What’s the fuss, I hear you cry? The fuss is that you can now do more, and it’s still free.

Last week there were three account types;

  • Public: free, 100mb space and all your work has the Prezi watermark (not so bad).
  • Enjoy: $59 per year, 500mb space, set work to private, and no watermark.
  • Pro: $159 per year, 200mb space, work offline, and the same as the Enjoy above.

But now there is the ‘Edu’ packages of the above;

  • Public: same as public above.
  • Edu Enjoy: same as Enjoy above, but free!
  • Edu Pro: same as Pro above but only $59 per year.

The Edu packages don’t have the Prezi watermark on the final presentations, but they do have a brief ‘educational’ use text shown while the presentation loads.

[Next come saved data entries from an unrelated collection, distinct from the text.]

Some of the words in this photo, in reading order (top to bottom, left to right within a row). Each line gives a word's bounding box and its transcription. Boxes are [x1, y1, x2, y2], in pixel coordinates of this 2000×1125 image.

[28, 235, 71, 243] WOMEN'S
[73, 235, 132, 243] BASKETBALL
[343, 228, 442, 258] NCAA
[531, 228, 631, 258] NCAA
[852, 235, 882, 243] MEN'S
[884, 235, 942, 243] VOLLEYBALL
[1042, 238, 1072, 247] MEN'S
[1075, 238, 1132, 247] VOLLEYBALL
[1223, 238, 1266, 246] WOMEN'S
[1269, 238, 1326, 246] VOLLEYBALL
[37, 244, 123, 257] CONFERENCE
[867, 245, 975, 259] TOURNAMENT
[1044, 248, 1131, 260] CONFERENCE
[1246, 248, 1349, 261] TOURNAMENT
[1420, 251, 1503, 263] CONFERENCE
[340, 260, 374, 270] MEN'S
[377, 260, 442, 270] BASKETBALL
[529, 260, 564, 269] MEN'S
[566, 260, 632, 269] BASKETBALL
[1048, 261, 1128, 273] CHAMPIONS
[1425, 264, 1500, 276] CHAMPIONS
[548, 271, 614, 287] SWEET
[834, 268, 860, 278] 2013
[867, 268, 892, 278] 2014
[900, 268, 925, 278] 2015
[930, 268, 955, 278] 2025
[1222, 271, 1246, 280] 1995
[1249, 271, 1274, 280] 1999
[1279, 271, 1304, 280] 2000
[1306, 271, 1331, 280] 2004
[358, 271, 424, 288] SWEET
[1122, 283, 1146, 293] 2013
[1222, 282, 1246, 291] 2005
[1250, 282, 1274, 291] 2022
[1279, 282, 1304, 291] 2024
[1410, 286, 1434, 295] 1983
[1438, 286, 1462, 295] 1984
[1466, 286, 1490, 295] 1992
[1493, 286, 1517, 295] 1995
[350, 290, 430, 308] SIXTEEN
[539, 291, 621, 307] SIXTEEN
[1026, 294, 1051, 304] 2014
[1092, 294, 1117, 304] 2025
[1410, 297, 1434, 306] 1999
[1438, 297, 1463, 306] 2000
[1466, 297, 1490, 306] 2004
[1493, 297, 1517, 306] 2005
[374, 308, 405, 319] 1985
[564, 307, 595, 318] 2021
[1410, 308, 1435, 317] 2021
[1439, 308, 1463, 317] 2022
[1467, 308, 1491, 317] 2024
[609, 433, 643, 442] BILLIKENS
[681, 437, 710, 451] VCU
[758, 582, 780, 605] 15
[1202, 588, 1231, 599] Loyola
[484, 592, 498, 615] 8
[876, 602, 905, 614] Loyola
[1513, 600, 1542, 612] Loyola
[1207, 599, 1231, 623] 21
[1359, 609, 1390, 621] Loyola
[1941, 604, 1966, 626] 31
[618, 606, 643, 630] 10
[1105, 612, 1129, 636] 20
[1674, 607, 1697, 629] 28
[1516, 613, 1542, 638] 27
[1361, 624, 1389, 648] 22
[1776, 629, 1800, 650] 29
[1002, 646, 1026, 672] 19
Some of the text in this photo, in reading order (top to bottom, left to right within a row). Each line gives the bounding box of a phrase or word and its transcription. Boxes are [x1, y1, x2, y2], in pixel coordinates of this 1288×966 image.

If, like me, you already had a Prezi account, you’ll find you can’t just simply sign up for the new Edu accounts. You’ll have to login to Prezi, then ‘upgrade’ your account. Enjoy.

You can now embed YouTube videos in a presentation, whereas before you would have to download them and load the media file into Prezi. This is not limited to the Edu accounts.

I’ve been playing and using Prezi for a couple of months and am fairly confident I know what I’m doing (most of the time) but they have also produced this manual – Prezi Online Manual.

Another really important upgrade feature, other than the new graphical interface (not sure yet, I grew to like the old one, which is stillĀ availableĀ for the moment):

The helpful folks at Prezi have put this presentation together for you, to show you around the new interface/navigation.

Using Prezi
If you’re still not convinced about Prezi, how to use it, or whether it looks ‘professional’ or not, it was used recently at the TEDGlobal conference in July 2009 by James Geary (below)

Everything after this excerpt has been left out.